Meus caminhos intermináveis trouxeram-me até aqui, meus dias de alegria, tristeza, risos e cara feia. Sou tudo e nada. Feito um gato vadio que de telhado em telhado sempre encontra um cesto quente com um novelo de lã ou linha velha que nos remetem aos dias da infância. Tão saudoso à família sou eu. Nos últimos anos tenho tentado ser mais homem e menos animal, raciocinar sempre ao invés de seguir instintos que provocariam uma guerra. Sou humano enfim, tenho meus anseios e desejos e com esses, posso ser o que eu quiser. Cada pessoa tem seus defeitos e qualidades, porém, são os pequenos detalhes que nos tornam cada vez mais especiais e únicos. Sou Mauri Eurico Santos Zeügo e este é meu mundo. Seja Bem Vindo!

Mauri (14.01.1999)

terça-feira, 22 de março de 2011

Meus Pés (14/04/2011)


Quando os meus pés falarem, todos saberão por onde andei, o que fiz e sobre os mundos em que pisei. Porém, de antemão, saibam todos que a sensibilidade viva é sentida apenas por eles. Vive-se tanto a cada pisada leve na grama, cada forte “pisão” no concreto quente das grandes cidades e a cada pegada na areia, deixadas pra trás com todas aquelas boas e más lembranças. Com a ajuda dos meus pés, fui astro-rei, astronauta, lunático, sonhador, pequeno príncipe, grande poeta das línguas mortas, mendigo e até mesmo dono do mundo.
Ah, meus pés... Gosto tanto deles que sei de cada detalhe e marca entre meus dedos pequeninos e com formato arredondado - lembrando às vezes, pequenas bolinhas de gude cortadas ao meio. Recordo-me também, de cada boca onde ele esteve e de cada língua que não se conteve... Gosto dele limpo, sujo, seco, molhado, apenas gosto, simplesmente gosto. Quando meu passo é suave e silencioso, lembro-me de ser sempre um pássaro alçando vôos longínquos. Quando meu passo é bruto, lembro-me de ser sempre uma grande rocha fincada na terra. Ah, se eles falassem..! As pessoas saberiam tanto e tanto, a ponto de eu deixar de ser um segredo, mas enigma mesmo vem lá de baixo, onde estão os meus pés. Esses que suportam a massa corpórea minha e transliteram cada verso deixado por eles mesmos naquele grande livro que criei na minha imaginação, facilitando a compreensão de um todo.  Cá estão eles, subindo, descendo, indo, voltando - incansáveis guerreiros meus.
Já nem penso mais viver sem eles.  Idéias absurdas surgem sempre, pelo simples fato de amá-los tanto e tanto que a cabeça gira em torno tão somente deles. Vigiando a minha introspecção, meus pés estão sempre aqui, ali, lá, aculá, sempre em todo lugar. Se eles falassem, o mundo riria mais, crianças chorariam menos e a vida duraria uma eternidade. “Mas, pés não falam e a alusão caótica que faço a mim mesmo é um mero sonho que acaba nunca..!”

 Mauri Zeügo




7 comentários:

  1. Parabéns, Mauri. Meu nome é Eduardo Alfran Silva, sou professor da academia de letras da universidade do estado de Minas Gerais. Adoro a sensibilidade utilizada por você em seus textos. Você tem tato.

    Parabéns.

    ResponderExcluir
  2. Texto maravilhoso!

    Sinto-me privilegiado ao poder ler um conteúdo tão bem "grafado" em pela internet.
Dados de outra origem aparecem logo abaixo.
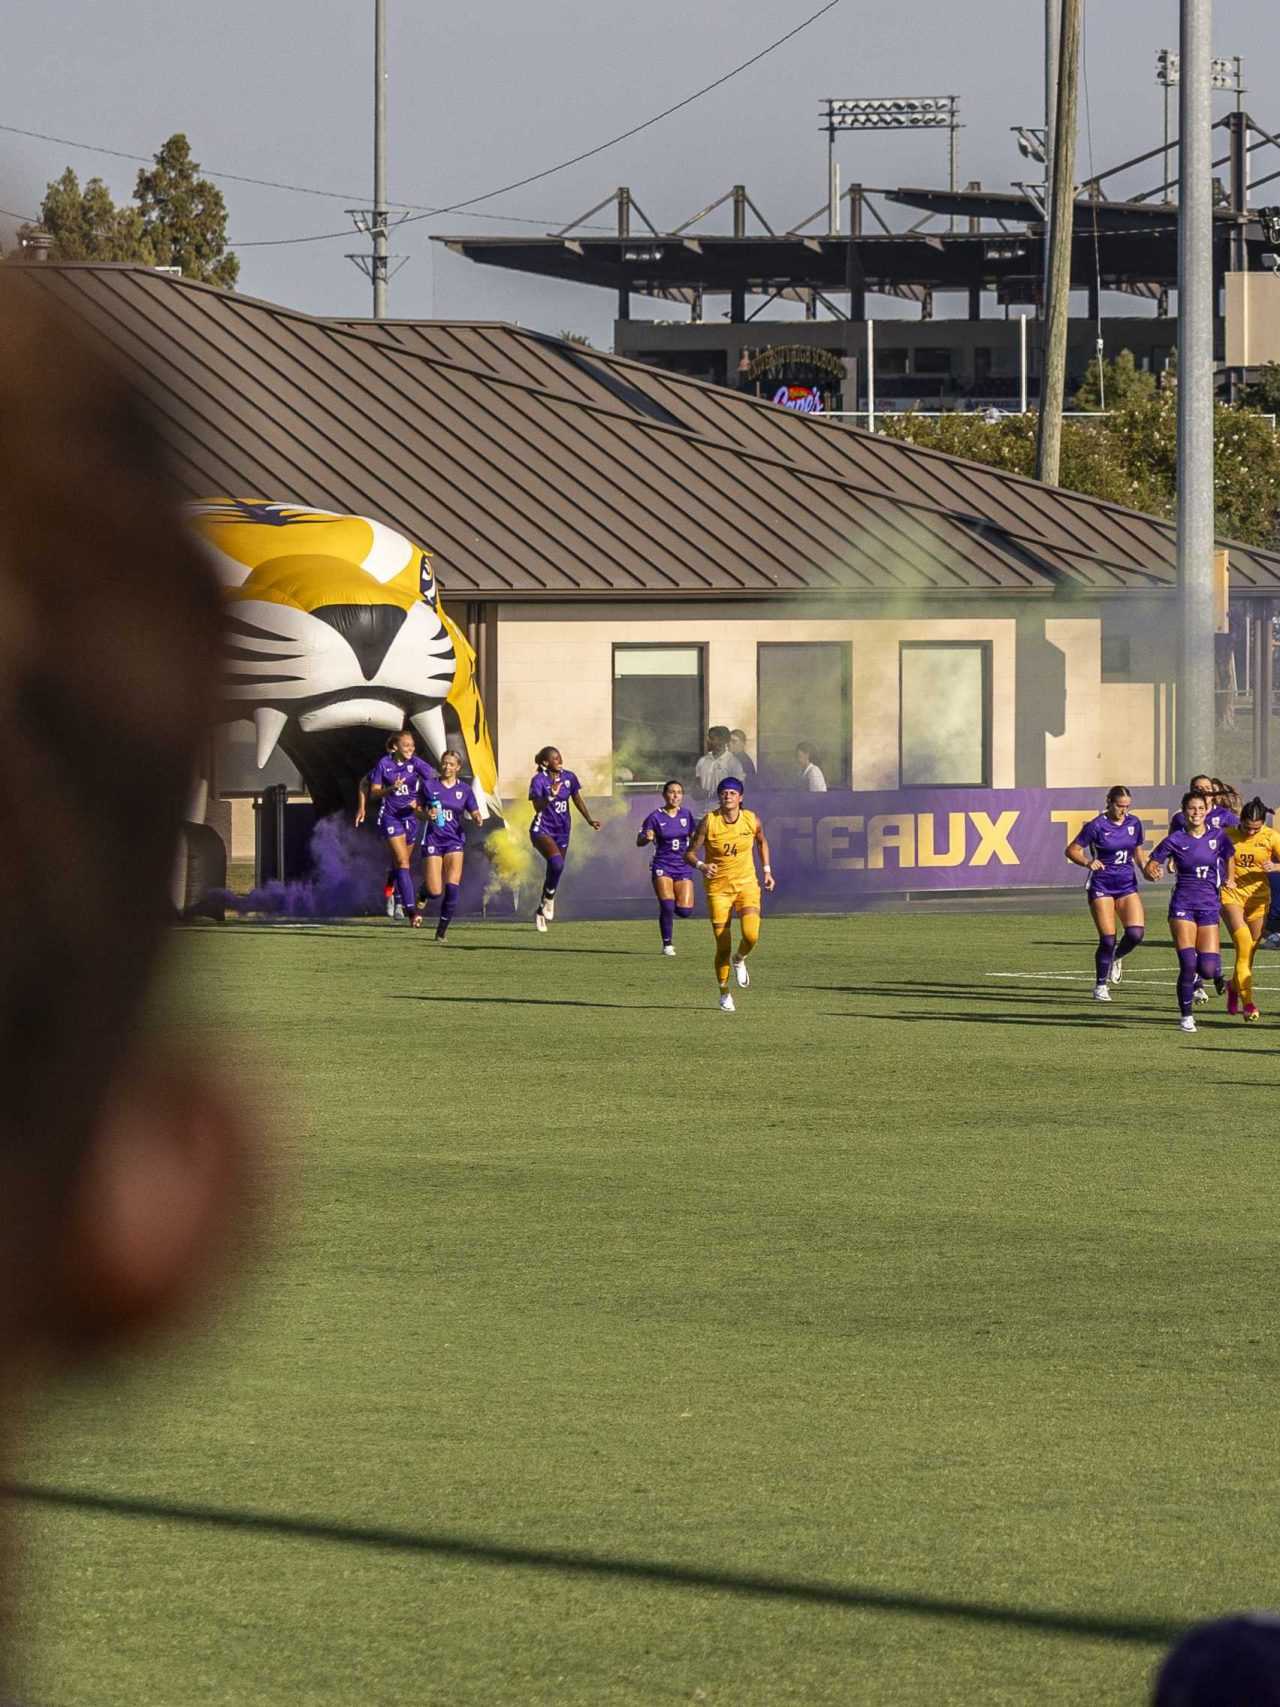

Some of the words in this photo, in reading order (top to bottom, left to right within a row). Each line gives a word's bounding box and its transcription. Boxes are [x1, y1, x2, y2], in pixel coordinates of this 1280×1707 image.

    "Viajo junto ao pensamento teu!"

    Ainda te amo, meu menino maluquinho!

    (OBS: Vê se me atende quando eu ligo)

    ResponderExcluir
  3. Lindo...escreve muito bem.
    Paulo Roberto - Santos

    ResponderExcluir
  4. Gosto muito desse texto. Deveria investir mais em seu conhecimento e cultura literária. Boa sorte.

    ResponderExcluir
  5. Trágico! Bom,é de fato curioso.
    É observação é tudo o que se precisa para se observar.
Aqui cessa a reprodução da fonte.